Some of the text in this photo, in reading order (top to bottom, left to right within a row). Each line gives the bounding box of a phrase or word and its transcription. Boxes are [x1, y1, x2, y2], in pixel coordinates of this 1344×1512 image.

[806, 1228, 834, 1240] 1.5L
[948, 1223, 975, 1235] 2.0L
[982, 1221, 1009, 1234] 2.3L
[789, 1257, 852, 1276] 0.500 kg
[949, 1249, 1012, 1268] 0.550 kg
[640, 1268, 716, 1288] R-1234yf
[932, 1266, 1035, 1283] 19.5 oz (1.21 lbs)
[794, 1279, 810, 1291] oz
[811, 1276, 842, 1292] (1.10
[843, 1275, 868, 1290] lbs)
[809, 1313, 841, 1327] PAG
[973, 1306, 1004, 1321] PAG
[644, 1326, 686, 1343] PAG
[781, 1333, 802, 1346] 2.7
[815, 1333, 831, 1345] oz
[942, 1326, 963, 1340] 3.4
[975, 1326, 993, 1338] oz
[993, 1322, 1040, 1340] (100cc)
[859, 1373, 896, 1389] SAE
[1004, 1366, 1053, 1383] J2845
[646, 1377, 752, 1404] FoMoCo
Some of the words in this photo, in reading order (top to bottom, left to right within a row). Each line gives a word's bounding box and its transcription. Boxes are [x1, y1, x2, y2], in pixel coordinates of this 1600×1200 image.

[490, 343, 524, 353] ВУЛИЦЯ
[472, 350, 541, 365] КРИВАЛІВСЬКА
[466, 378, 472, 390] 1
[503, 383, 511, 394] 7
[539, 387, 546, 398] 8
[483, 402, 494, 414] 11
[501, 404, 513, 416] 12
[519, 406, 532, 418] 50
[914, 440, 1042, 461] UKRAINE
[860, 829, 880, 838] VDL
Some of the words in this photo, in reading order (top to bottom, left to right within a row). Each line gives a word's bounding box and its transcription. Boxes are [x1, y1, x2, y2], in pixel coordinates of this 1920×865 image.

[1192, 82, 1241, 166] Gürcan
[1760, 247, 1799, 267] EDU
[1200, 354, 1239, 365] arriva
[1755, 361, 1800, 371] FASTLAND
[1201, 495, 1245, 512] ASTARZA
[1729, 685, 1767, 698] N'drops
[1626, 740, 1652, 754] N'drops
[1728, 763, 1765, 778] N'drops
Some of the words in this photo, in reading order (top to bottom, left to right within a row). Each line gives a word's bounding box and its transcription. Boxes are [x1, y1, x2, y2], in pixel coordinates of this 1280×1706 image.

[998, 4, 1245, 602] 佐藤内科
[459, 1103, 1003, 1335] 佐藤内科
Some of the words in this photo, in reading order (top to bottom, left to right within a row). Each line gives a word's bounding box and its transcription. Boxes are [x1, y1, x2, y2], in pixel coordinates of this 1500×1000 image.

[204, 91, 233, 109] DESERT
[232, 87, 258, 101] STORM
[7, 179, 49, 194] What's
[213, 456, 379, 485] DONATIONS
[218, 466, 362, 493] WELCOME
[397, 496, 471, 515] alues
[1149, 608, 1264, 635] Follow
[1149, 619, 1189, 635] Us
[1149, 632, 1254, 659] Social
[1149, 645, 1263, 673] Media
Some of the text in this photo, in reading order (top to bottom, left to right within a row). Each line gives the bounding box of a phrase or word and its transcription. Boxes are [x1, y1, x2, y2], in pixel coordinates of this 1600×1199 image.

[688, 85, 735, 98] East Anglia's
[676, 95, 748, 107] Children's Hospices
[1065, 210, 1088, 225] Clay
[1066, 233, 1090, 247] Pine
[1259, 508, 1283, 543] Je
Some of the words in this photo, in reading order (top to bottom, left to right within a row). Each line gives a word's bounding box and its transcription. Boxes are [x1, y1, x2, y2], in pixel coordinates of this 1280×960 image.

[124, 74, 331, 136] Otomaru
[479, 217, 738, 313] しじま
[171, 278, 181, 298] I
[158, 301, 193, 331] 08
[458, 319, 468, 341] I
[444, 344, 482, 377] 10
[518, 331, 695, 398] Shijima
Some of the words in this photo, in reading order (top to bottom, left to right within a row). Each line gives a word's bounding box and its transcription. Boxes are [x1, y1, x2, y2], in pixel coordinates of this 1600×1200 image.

▶ **EXERCISE INSTRUCTIONS**
Print each entry above word for word, leaving none out.

▶ **FINISHED TASK**
Some of the text in this photo, in reading order (top to bottom, left to right within a row). Each line gives the bounding box of a phrase or word and its transcription. Boxes are [x1, y1, x2, y2], in pixel coordinates of this 1344×1512 image.

[806, 1228, 834, 1240] 1.5L
[948, 1223, 975, 1235] 2.0L
[982, 1221, 1009, 1234] 2.3L
[789, 1257, 852, 1276] 0.500 kg
[949, 1249, 1012, 1268] 0.550 kg
[640, 1268, 716, 1288] R-1234yf
[932, 1266, 1035, 1283] 19.5 oz (1.21 lbs)
[794, 1279, 810, 1291] oz
[811, 1276, 842, 1292] (1.10
[843, 1275, 868, 1290] lbs)
[809, 1313, 841, 1327] PAG
[973, 1306, 1004, 1321] PAG
[644, 1326, 686, 1343] PAG
[781, 1333, 802, 1346] 2.7
[815, 1333, 831, 1345] oz
[942, 1326, 963, 1340] 3.4
[975, 1326, 993, 1338] oz
[993, 1322, 1040, 1340] (100cc)
[859, 1373, 896, 1389] SAE
[1004, 1366, 1053, 1383] J2845
[646, 1377, 752, 1404] FoMoCo
Some of the words in this photo, in reading order (top to bottom, left to right within a row). Each line gives a word's bounding box and its transcription. Boxes are [x1, y1, x2, y2], in pixel coordinates of this 1600×1200 image.

[490, 343, 524, 353] ВУЛИЦЯ
[472, 350, 541, 365] КРИВАЛІВСЬКА
[466, 378, 472, 390] 1
[503, 383, 511, 394] 7
[539, 387, 546, 398] 8
[483, 402, 494, 414] 11
[501, 404, 513, 416] 12
[519, 406, 532, 418] 50
[914, 440, 1042, 461] UKRAINE
[860, 829, 880, 838] VDL
Some of the words in this photo, in reading order (top to bottom, left to right within a row). Each line gives a word's bounding box and its transcription. Boxes are [x1, y1, x2, y2], in pixel coordinates of this 1920×865 image.

[1192, 82, 1241, 166] Gürcan
[1760, 247, 1799, 267] EDU
[1200, 354, 1239, 365] arriva
[1755, 361, 1800, 371] FASTLAND
[1201, 495, 1245, 512] ASTARZA
[1729, 685, 1767, 698] N'drops
[1626, 740, 1652, 754] N'drops
[1728, 763, 1765, 778] N'drops
Some of the words in this photo, in reading order (top to bottom, left to right within a row). Each line gives a word's bounding box and its transcription. Boxes are [x1, y1, x2, y2], in pixel coordinates of this 1280×1706 image.

[998, 4, 1245, 602] 佐藤内科
[459, 1103, 1003, 1335] 佐藤内科
Some of the words in this photo, in reading order (top to bottom, left to right within a row). Each line gives a word's bounding box and its transcription. Boxes are [x1, y1, x2, y2], in pixel coordinates of this 1500×1000 image.

[204, 91, 233, 109] DESERT
[232, 87, 258, 101] STORM
[7, 179, 49, 194] What's
[213, 456, 379, 485] DONATIONS
[218, 466, 362, 493] WELCOME
[397, 496, 471, 515] alues
[1149, 608, 1264, 635] Follow
[1149, 619, 1189, 635] Us
[1149, 632, 1254, 659] Social
[1149, 645, 1263, 673] Media
Some of the text in this photo, in reading order (top to bottom, left to right within a row). Each line gives the bounding box of a phrase or word and its transcription. Boxes are [x1, y1, x2, y2], in pixel coordinates of this 1600×1199 image.

[688, 85, 735, 98] East Anglia's
[676, 95, 748, 107] Children's Hospices
[1065, 210, 1088, 225] Clay
[1066, 233, 1090, 247] Pine
[1259, 508, 1283, 543] Je
Some of the words in this photo, in reading order (top to bottom, left to right within a row). Each line gives a word's bounding box and its transcription. Boxes are [x1, y1, x2, y2], in pixel coordinates of this 1280×960 image.

[124, 74, 331, 136] Otomaru
[479, 217, 738, 313] しじま
[171, 278, 181, 298] I
[158, 301, 193, 331] 08
[458, 319, 468, 341] I
[444, 344, 482, 377] 10
[518, 331, 695, 398] Shijima
Some of the words in this photo, in reading order (top to bottom, left to right within a row). Each line gives a word's bounding box and its transcription. Boxes are [x1, y1, x2, y2], in pixel coordinates of this 1600×1200 image.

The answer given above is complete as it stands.